== Segment start ==

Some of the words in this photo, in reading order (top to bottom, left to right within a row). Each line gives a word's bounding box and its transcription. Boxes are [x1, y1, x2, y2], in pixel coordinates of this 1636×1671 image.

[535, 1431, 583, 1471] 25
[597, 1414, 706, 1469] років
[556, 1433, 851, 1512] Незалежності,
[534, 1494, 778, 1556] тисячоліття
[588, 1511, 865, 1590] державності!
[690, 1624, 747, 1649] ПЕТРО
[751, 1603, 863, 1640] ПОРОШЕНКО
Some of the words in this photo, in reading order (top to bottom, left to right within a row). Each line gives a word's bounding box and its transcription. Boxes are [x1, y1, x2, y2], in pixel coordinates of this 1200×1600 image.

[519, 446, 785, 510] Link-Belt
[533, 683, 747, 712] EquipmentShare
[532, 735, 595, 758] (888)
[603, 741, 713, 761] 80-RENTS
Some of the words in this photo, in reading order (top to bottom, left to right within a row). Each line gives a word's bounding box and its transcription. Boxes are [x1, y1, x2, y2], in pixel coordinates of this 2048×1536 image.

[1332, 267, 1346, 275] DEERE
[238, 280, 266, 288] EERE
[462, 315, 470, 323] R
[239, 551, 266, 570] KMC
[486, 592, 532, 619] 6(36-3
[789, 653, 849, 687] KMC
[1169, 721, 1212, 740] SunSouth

== Segment end ==

• _Problem requirements_
For every entry in the records above, write an exact copy.

• _The completed task_
Some of the words in this photo, in reading order (top to bottom, left to right within a row). Each line gives a word's bounding box and its transcription. Boxes are [x1, y1, x2, y2], in pixel coordinates of this 1636×1671 image.

[535, 1431, 583, 1471] 25
[597, 1414, 706, 1469] років
[556, 1433, 851, 1512] Незалежності,
[534, 1494, 778, 1556] тисячоліття
[588, 1511, 865, 1590] державності!
[690, 1624, 747, 1649] ПЕТРО
[751, 1603, 863, 1640] ПОРОШЕНКО
Some of the words in this photo, in reading order (top to bottom, left to right within a row). Each line gives a word's bounding box and its transcription. Boxes are [x1, y1, x2, y2], in pixel coordinates of this 1200×1600 image.

[519, 446, 785, 510] Link-Belt
[533, 683, 747, 712] EquipmentShare
[532, 735, 595, 758] (888)
[603, 741, 713, 761] 80-RENTS
Some of the words in this photo, in reading order (top to bottom, left to right within a row). Each line gives a word's bounding box and its transcription. Boxes are [x1, y1, x2, y2], in pixel coordinates of this 2048×1536 image.

[1332, 267, 1346, 275] DEERE
[238, 280, 266, 288] EERE
[462, 315, 470, 323] R
[239, 551, 266, 570] KMC
[486, 592, 532, 619] 6(36-3
[789, 653, 849, 687] KMC
[1169, 721, 1212, 740] SunSouth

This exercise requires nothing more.